## [Task requirements]
Print the listing below exactly, images excluded.

## [Data to use]

-=-=-

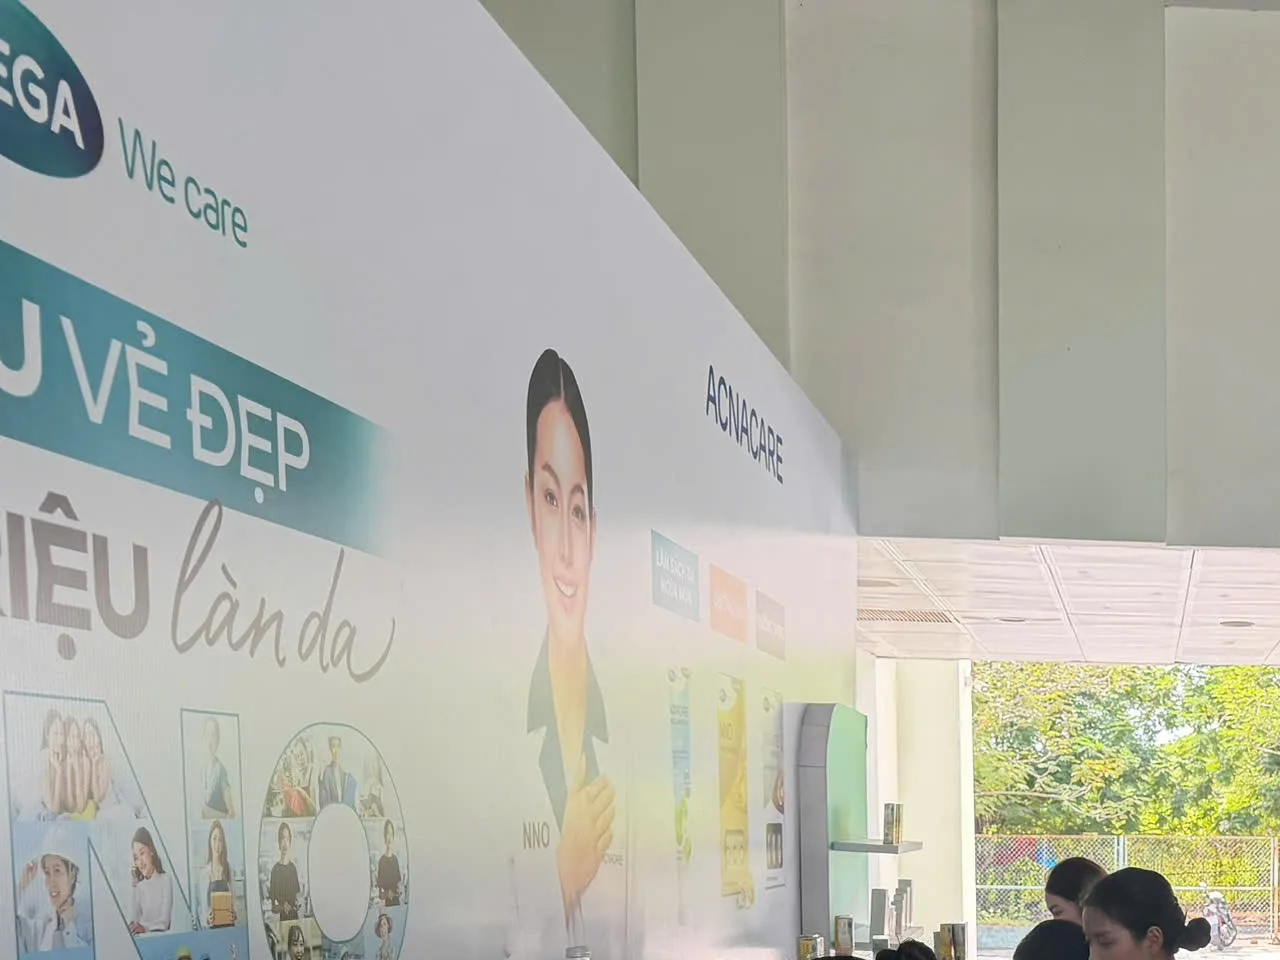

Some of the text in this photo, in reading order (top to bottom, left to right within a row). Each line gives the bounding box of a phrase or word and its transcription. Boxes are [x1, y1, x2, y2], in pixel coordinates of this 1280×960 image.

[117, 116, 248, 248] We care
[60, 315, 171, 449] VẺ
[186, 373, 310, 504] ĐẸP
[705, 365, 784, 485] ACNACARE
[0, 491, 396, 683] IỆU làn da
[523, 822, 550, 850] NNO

-=-=-

## [Solution to this problem]
Some of the text in this photo, in reading order (top to bottom, left to right within a row). Each line gives the bounding box of a phrase or word and its transcription. Boxes are [x1, y1, x2, y2], in pixel coordinates of this 1280×960 image.

[117, 116, 248, 248] We care
[60, 315, 171, 449] VẺ
[186, 373, 310, 504] ĐẸP
[705, 365, 784, 485] ACNACARE
[0, 491, 396, 683] IỆU làn da
[523, 822, 550, 850] NNO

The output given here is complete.